もうこの時点で「すべての同人誌即売会が当日版権制であるべきと言っているのではありません」などという建前は吹いて飛ぶ。権利者が当日版権以外の二次創作を認めなくなっちゃえば、結局すべての二次創作は当日版権という縛りが前提になっちゃうんだから。そうなったら書店委託なんかも全滅で、イベントに参加しにくい人は同人誌の販売も購入も物凄く困難になる。逆にその機に乗じて転売で儲ける人が増えるかも知れない。


主張の動機としては他人の作品の二次創作で儲けるなんて許せないという個人的な正義感からこういうことしてるのかもしれない*1けど、法的な観点から言えば、今の二次創作環境は純粋に作品への愛好精神で作られてるものから金儲けのための同人ゴロまで、清も濁も全員が全員、権利者に黙認してもらってるだけの、黒に近いグレーな状況という同じ土俵に並存している状況なのであって、当日版権で縛れば金儲け目的の同人ゴロだけを排除できるなんてことはありえない。

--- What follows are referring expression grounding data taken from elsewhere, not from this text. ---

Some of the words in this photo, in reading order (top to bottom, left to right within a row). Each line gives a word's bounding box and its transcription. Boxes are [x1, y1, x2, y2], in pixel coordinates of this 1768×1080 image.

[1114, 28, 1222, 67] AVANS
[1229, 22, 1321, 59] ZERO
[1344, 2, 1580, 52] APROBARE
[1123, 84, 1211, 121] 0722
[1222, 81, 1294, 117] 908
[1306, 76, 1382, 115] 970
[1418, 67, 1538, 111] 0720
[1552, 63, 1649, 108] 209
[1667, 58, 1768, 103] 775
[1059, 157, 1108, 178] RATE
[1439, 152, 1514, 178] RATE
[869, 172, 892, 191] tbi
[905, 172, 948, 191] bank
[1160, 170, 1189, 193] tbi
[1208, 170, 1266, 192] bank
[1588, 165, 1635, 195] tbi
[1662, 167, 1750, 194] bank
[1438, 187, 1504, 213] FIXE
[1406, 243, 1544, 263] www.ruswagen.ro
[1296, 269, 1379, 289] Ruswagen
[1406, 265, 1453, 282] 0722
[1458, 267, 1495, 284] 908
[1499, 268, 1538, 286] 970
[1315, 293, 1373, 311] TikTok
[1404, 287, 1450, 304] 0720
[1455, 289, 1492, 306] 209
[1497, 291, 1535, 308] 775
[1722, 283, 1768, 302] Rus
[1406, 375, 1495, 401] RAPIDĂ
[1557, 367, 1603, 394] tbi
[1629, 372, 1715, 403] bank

フィギュアの当日版権の話で言えば、今はどうか知らないけどけいおん!の一期がヒットした頃、アニメオリジナルの要素、特にEDの衣装については絶対に許可が下りなかったから、ED版の軽音部メンバーを同人でフィギュア化するのは、たとえどんなに愛が感じられる作品だろうが絶望的だったりしたんだが。そしてその後オフィシャルな商品としてED版の軽音部メンバーのフィギュアが発売されて、ああこの商品と競合するから許可しなかったんだなと皆が理解したという。

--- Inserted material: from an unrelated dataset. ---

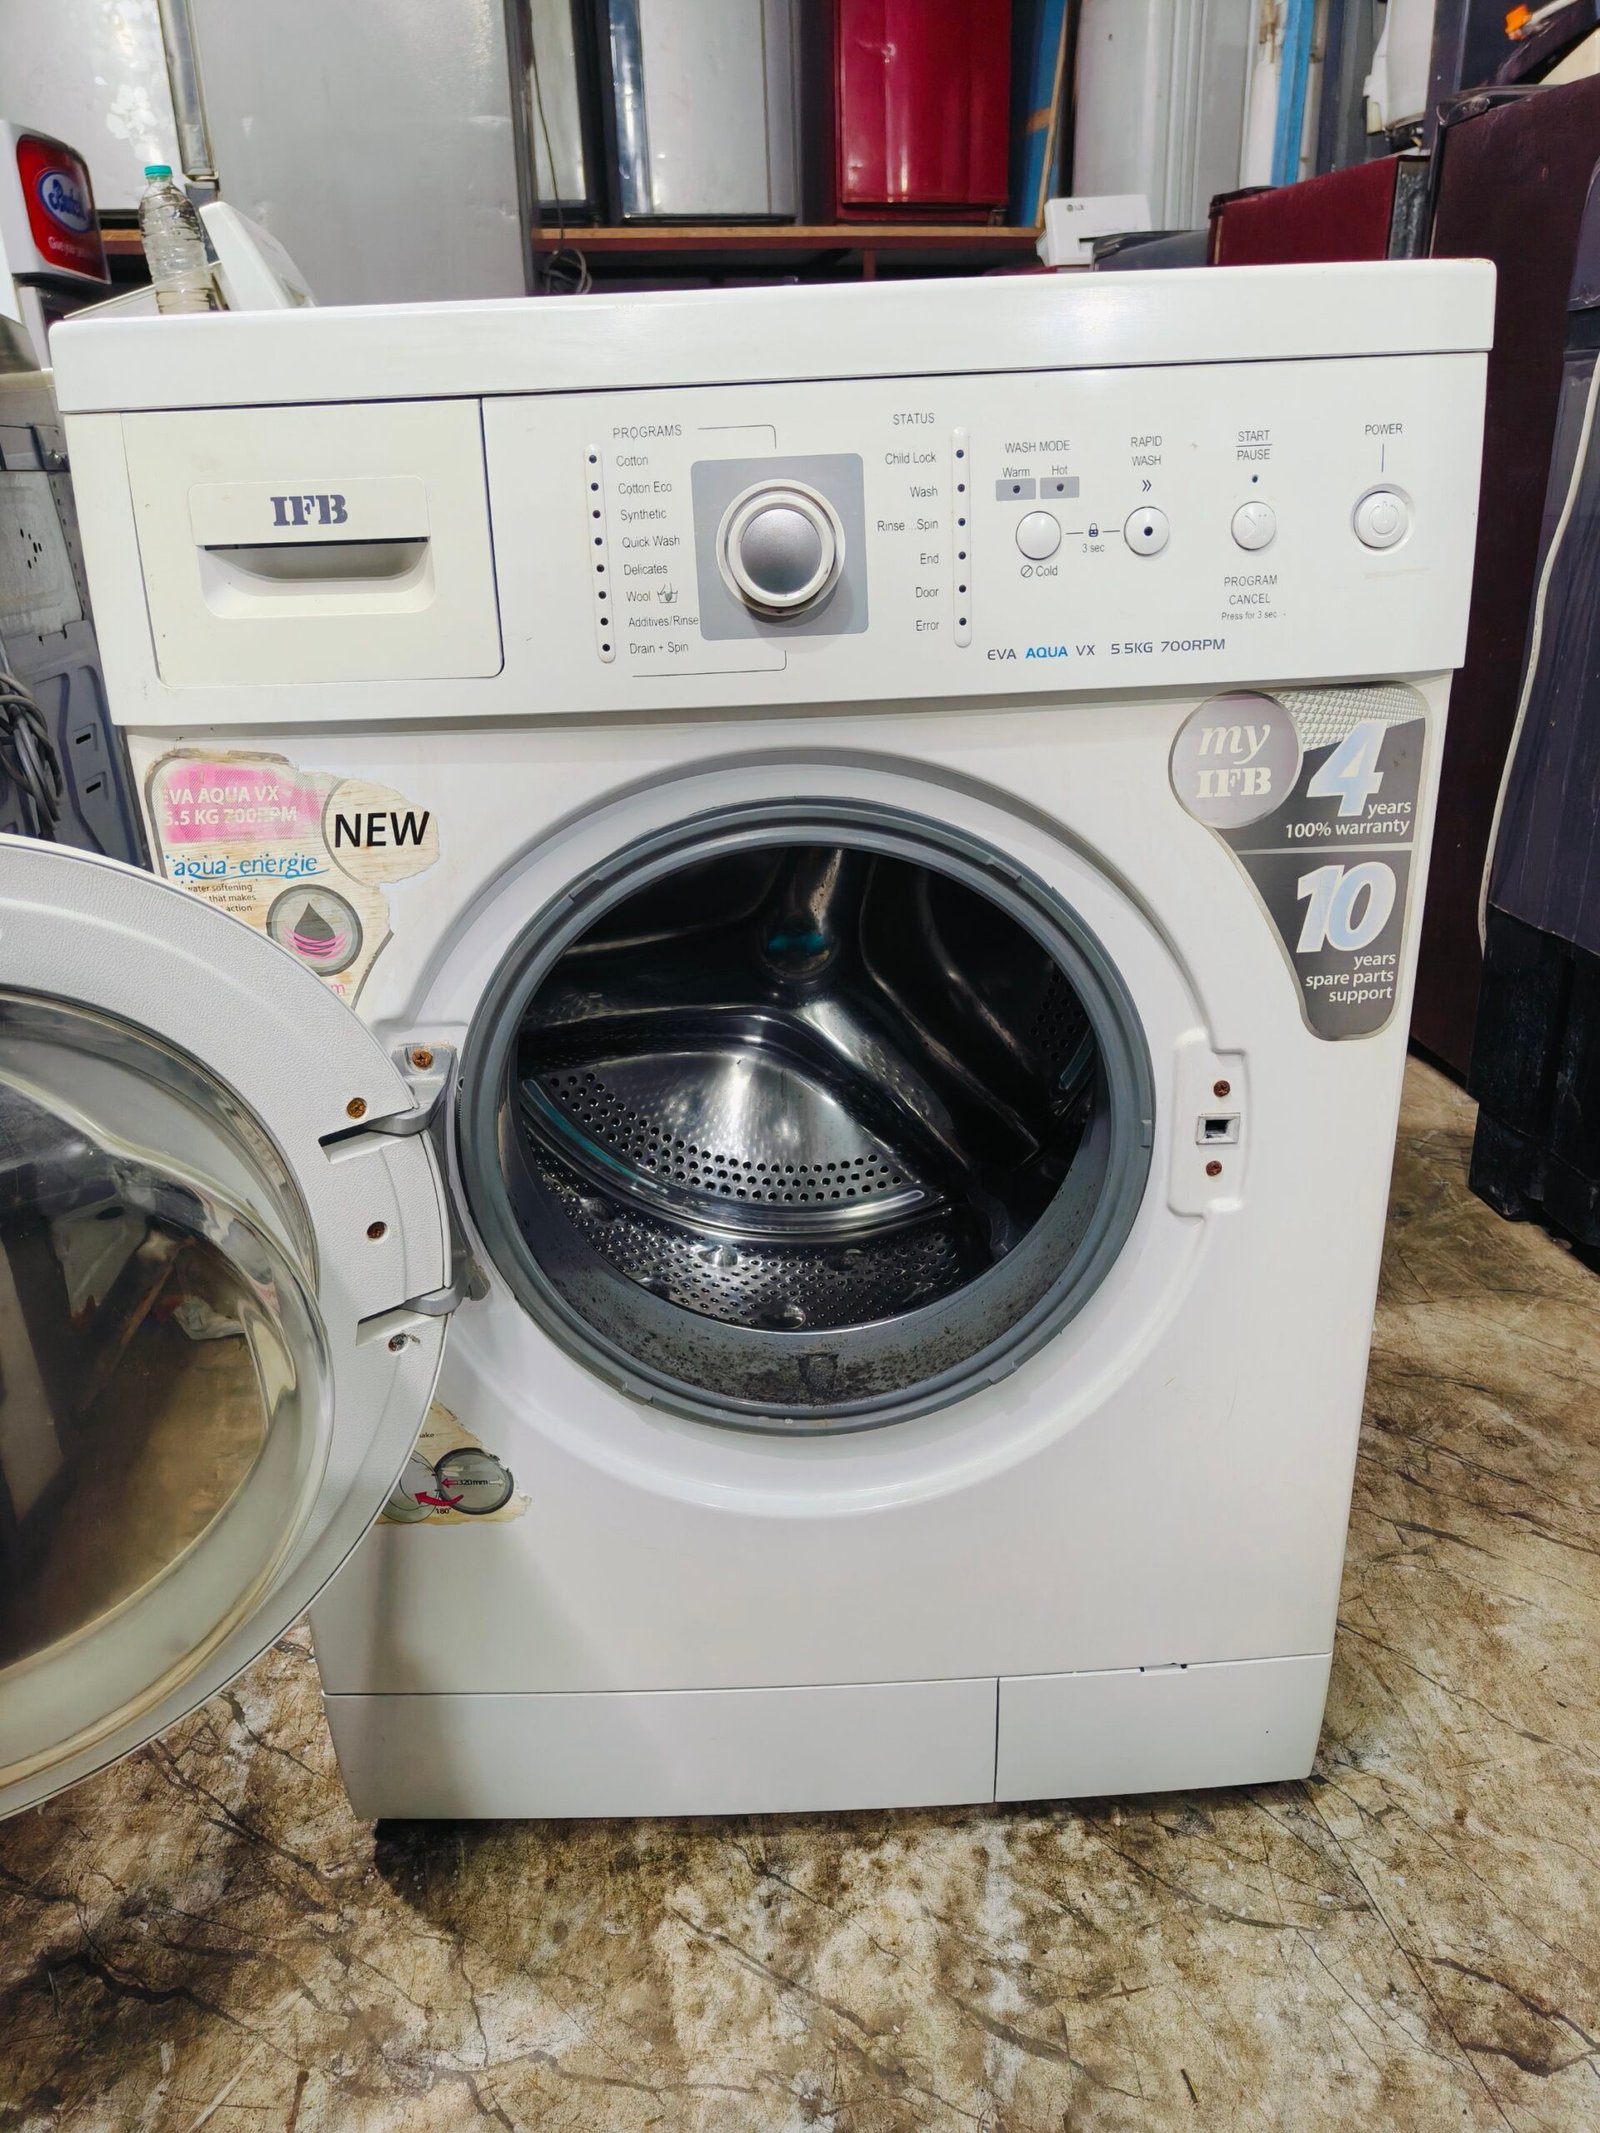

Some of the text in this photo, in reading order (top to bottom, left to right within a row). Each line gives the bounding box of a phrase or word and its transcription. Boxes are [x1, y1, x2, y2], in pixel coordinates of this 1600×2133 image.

例えばその一例だけ見ても、当日版権の許可が下りるかどうかは愛好精神の有無云々は関係なくて、単純に企業活動の下に同人活動が組み込まれ従属させられるという可能性までも示唆されてるわけで。


永野護がFSSの二次創作読んでたら自分がやろうと思ってたことと丸被りなアイディアがあったので慌てて(自分のほうを)引っ込めたみたいな告白がニュータイプか何かに書いてあったと思ったけど、極端な話、二次創作がすべて当日版権で管理されるようになったら、逆に版権申請された同人誌の中から優れたものだけを選んで却下して、そのアイディアを権利者が自分のものとして採用するなんてことも可能になりますね。文句が出たら「いやいや作者自身が元々やろうと思ってたことに被ってたので、あなたの二次創作のほうを却下したんですよ」って言い訳すればいいし、誰もその不正を立証できない。

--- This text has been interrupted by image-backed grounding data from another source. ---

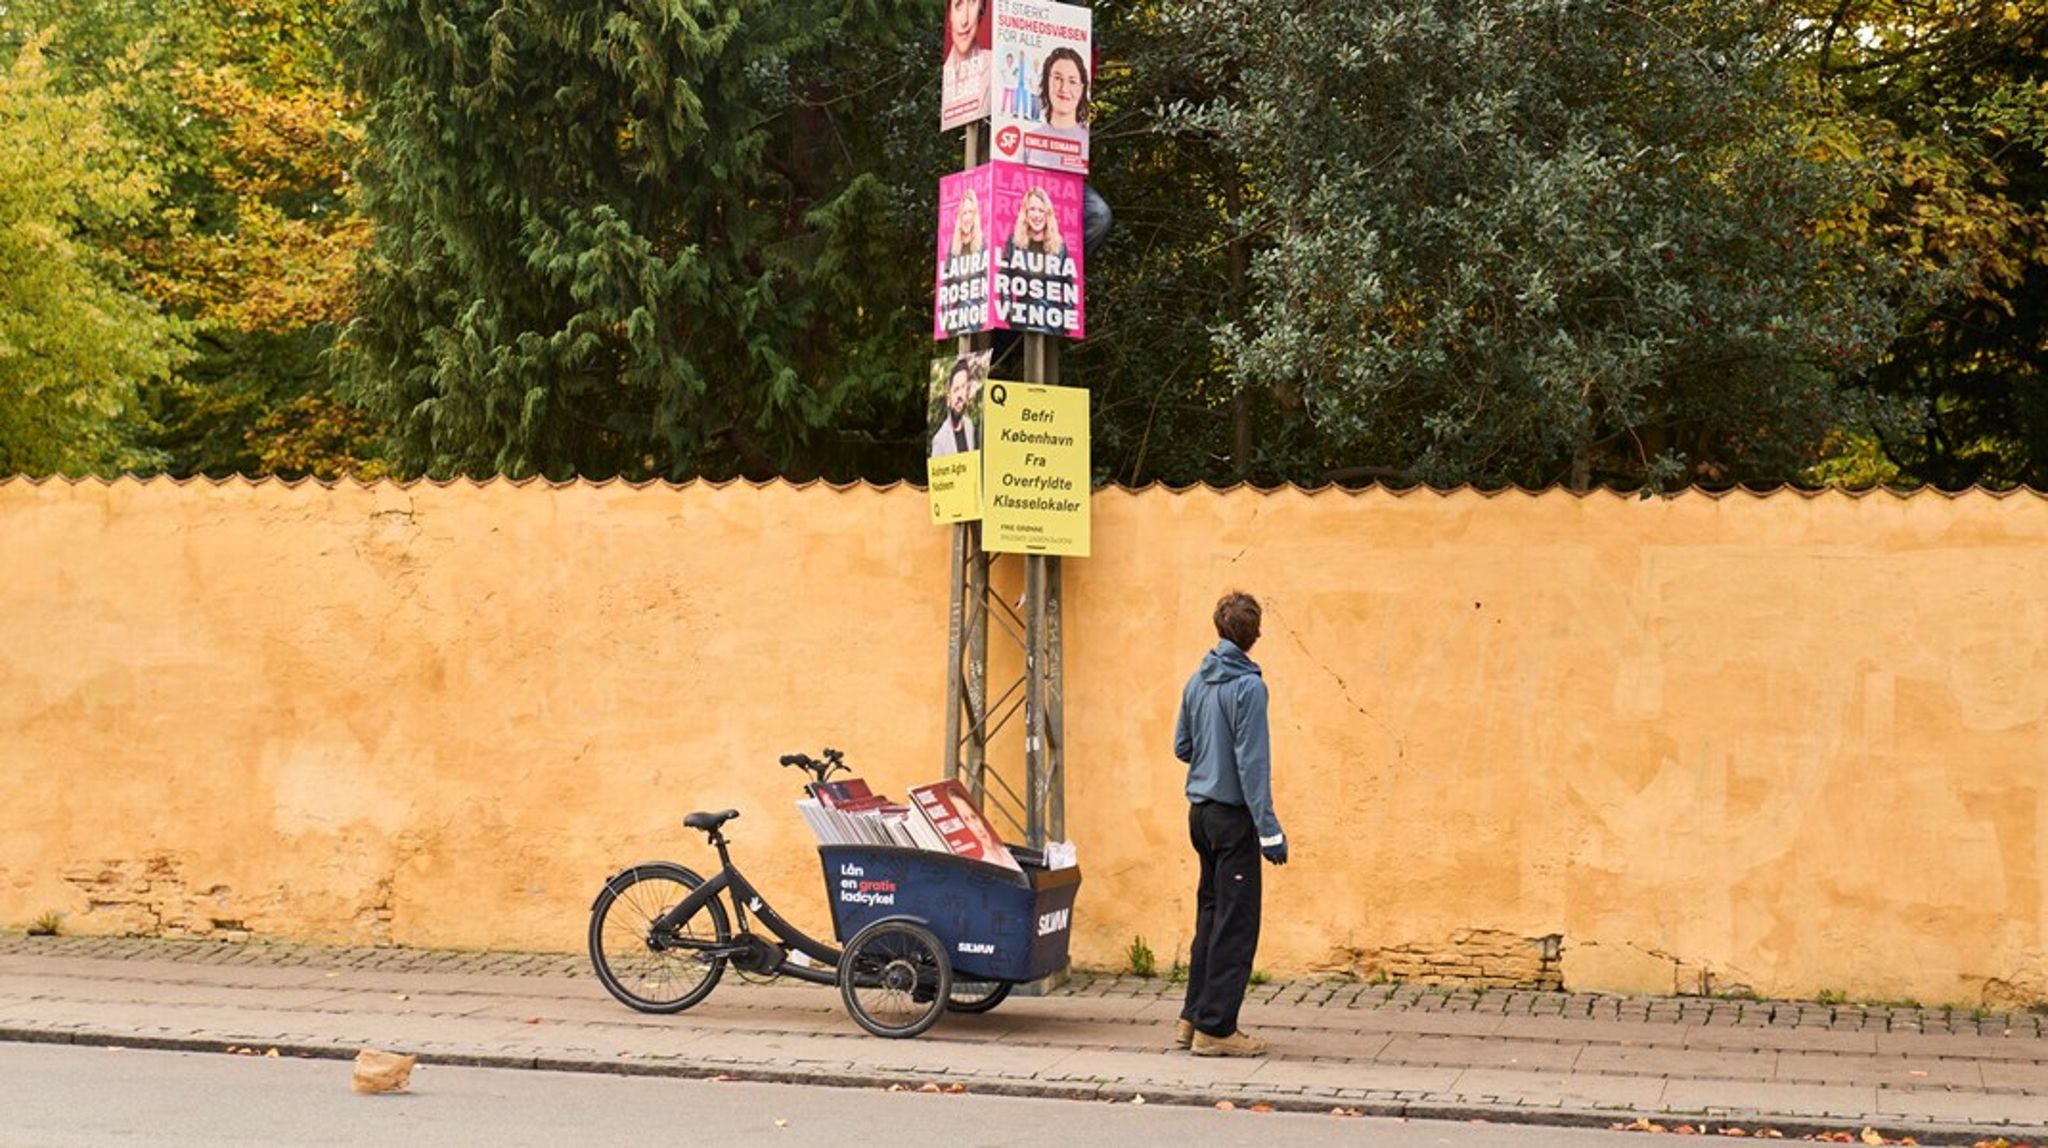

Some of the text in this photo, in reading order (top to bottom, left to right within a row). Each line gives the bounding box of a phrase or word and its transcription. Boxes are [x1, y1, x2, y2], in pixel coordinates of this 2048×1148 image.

[1012, 3, 1050, 19] STÆRKT
[998, 15, 1088, 43] SUNDHEDSVÆSEN
[998, 29, 1042, 48] FOR ALLE
[1000, 132, 1018, 148] SF
[996, 164, 1077, 199] LAURA
[940, 249, 989, 281] LAURA
[994, 247, 1077, 278] LAURA
[995, 273, 1079, 304] ROSEN
[994, 300, 1080, 330] VINGE
[990, 384, 1007, 406] Q
[1021, 408, 1054, 423] Befri
[1000, 428, 1073, 446] København
[1025, 453, 1046, 467] Fra
[1002, 473, 1072, 491] Overfyldte
[993, 494, 1080, 512] Klasselokaler
[841, 862, 864, 877] Lån
[841, 879, 897, 893] en gratis
[841, 890, 895, 907] ladcykel
[1037, 907, 1069, 937] SILVAN
[958, 942, 995, 955] SILVAN

もちろん上で挙げた全て権利者の当然の権利だという考え方もあるだろうけど、少なくともその立場に立つのなら、今ある二次創作文化をガラリと変えることも厭わないと言ってるのと同義で、とても「すべての同人誌即売会が当日版権制であるべきと言っているのではありません」なんて話にはならない。つーか、二次創作文化が根こそぎ破壊される危険性さえも十分ありえるわけですが、そこに考えが至らないのだとすれば能天気すぎるし、気付いていてそれでもなおやろうとするのなら悪辣です。「同人文化を殺した張本人」として語り継がれたいのでもなければ、こんなことはやめたほうがいいと思いますけど。